Annotated photo localization data:
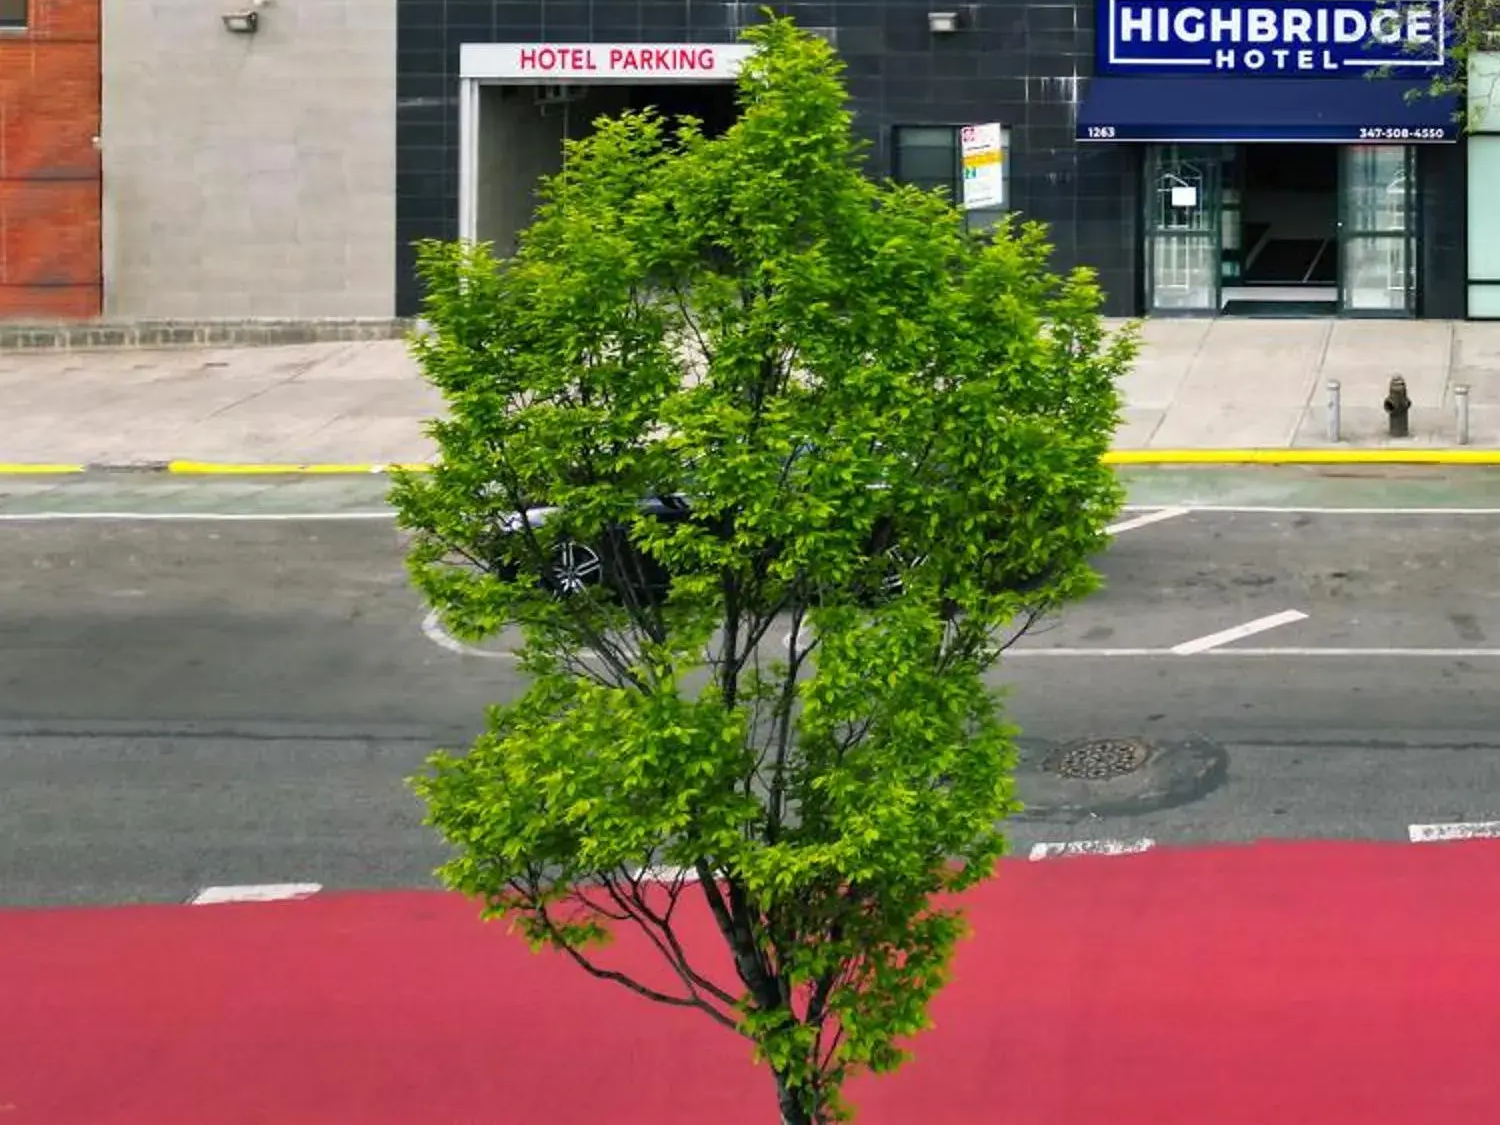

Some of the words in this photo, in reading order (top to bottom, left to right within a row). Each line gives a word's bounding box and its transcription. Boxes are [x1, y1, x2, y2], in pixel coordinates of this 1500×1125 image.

[1120, 7, 1433, 44] HIGHBRIDGE
[520, 49, 596, 70] HOTEL
[609, 49, 715, 70] PARKING
[1215, 49, 1339, 69] HOTEL
[1087, 126, 1115, 138] 1263

**Your goal:**
In the answer, the data should reappear exactly, with no pictures.

**Exercise response:**
Some of the words in this photo, in reading order (top to bottom, left to right within a row). Each line gives a word's bounding box and its transcription. Boxes are [x1, y1, x2, y2], in pixel coordinates of this 1500×1125 image.

[1120, 7, 1433, 44] HIGHBRIDGE
[520, 49, 596, 70] HOTEL
[609, 49, 715, 70] PARKING
[1215, 49, 1339, 69] HOTEL
[1087, 126, 1115, 138] 1263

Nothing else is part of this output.